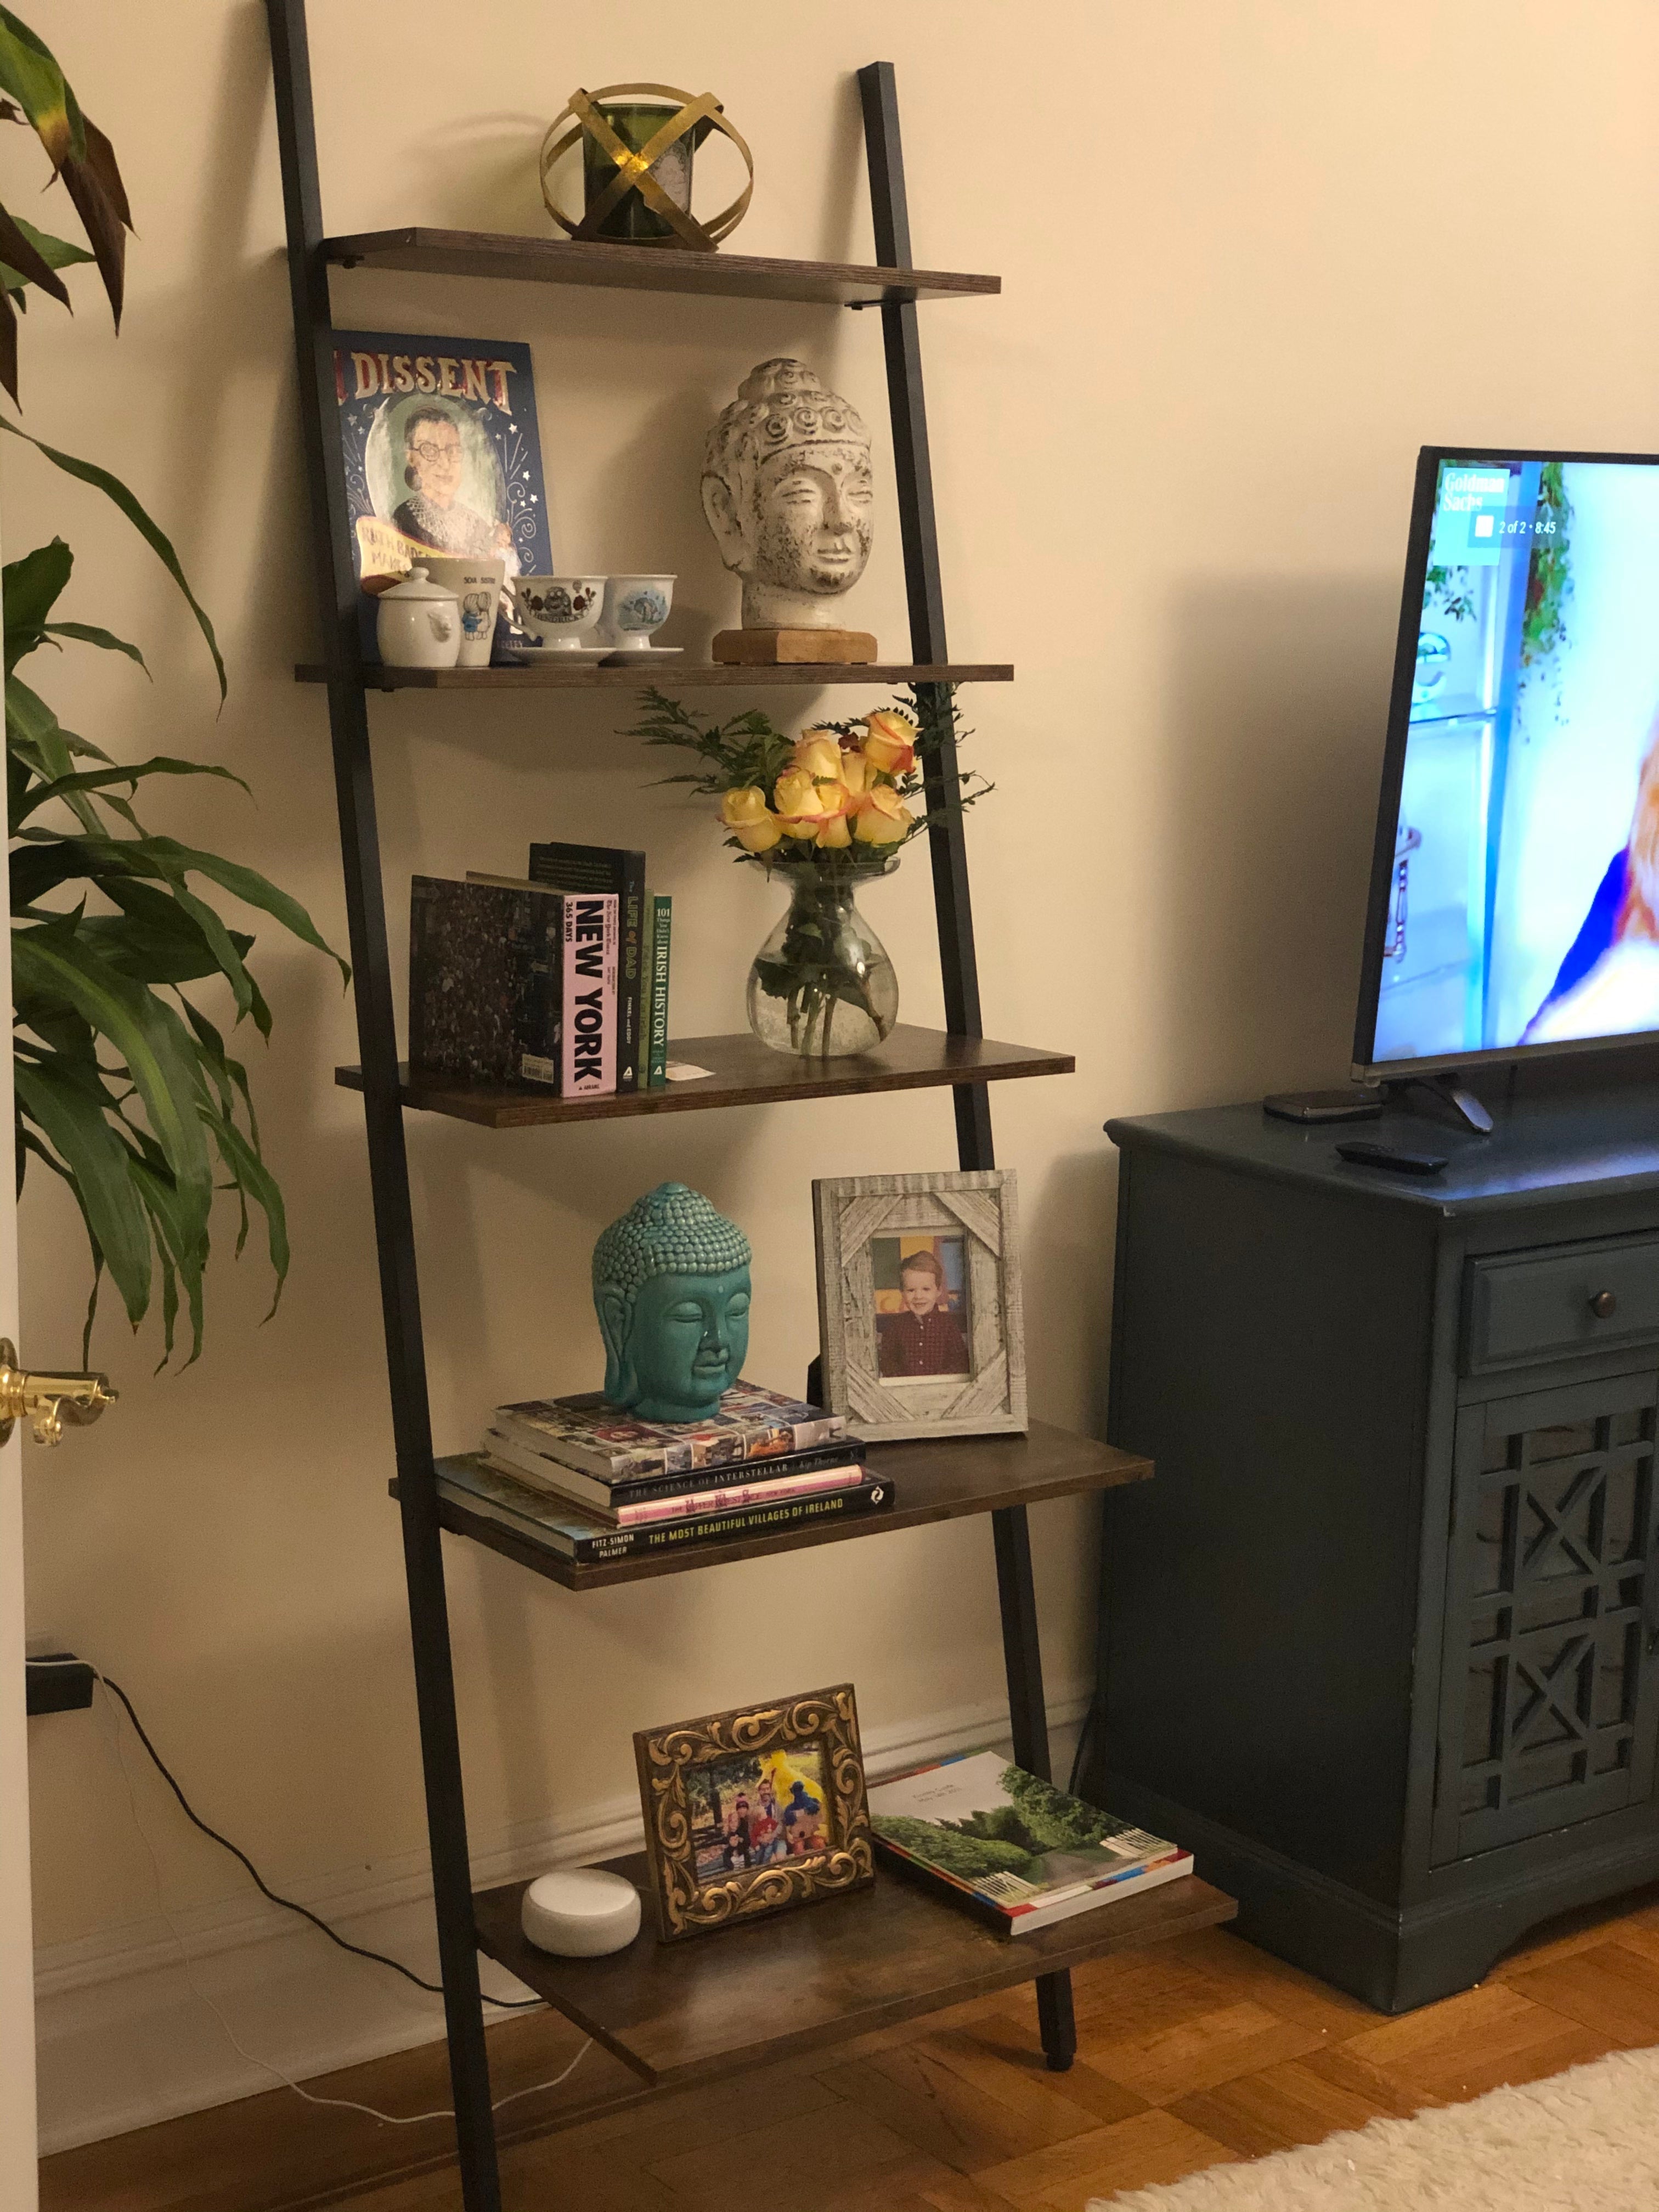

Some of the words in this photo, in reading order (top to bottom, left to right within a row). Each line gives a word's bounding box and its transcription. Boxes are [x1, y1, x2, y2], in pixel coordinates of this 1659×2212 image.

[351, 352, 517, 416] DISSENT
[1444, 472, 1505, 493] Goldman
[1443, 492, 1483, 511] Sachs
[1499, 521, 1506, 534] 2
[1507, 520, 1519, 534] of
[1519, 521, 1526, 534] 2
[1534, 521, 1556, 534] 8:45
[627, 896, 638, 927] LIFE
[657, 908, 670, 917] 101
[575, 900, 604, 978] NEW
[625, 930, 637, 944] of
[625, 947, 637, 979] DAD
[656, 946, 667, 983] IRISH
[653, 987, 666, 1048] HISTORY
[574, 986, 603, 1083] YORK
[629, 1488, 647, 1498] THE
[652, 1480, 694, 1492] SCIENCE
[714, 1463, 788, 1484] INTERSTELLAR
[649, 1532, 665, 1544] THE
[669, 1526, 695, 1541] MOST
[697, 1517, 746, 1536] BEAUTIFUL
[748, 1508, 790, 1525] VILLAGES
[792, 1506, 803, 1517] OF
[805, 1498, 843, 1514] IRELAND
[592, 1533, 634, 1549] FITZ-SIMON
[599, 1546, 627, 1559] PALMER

Your assignment: Copy every record exactly, without the pictures.

Solution for this exercise:
Some of the words in this photo, in reading order (top to bottom, left to right within a row). Each line gives a word's bounding box and its transcription. Boxes are [x1, y1, x2, y2], in pixel coordinates of this 1659×2212 image.

[351, 352, 517, 416] DISSENT
[1444, 472, 1505, 493] Goldman
[1443, 492, 1483, 511] Sachs
[1499, 521, 1506, 534] 2
[1507, 520, 1519, 534] of
[1519, 521, 1526, 534] 2
[1534, 521, 1556, 534] 8:45
[627, 896, 638, 927] LIFE
[657, 908, 670, 917] 101
[575, 900, 604, 978] NEW
[625, 930, 637, 944] of
[625, 947, 637, 979] DAD
[656, 946, 667, 983] IRISH
[653, 987, 666, 1048] HISTORY
[574, 986, 603, 1083] YORK
[629, 1488, 647, 1498] THE
[652, 1480, 694, 1492] SCIENCE
[714, 1463, 788, 1484] INTERSTELLAR
[649, 1532, 665, 1544] THE
[669, 1526, 695, 1541] MOST
[697, 1517, 746, 1536] BEAUTIFUL
[748, 1508, 790, 1525] VILLAGES
[792, 1506, 803, 1517] OF
[805, 1498, 843, 1514] IRELAND
[592, 1533, 634, 1549] FITZ-SIMON
[599, 1546, 627, 1559] PALMER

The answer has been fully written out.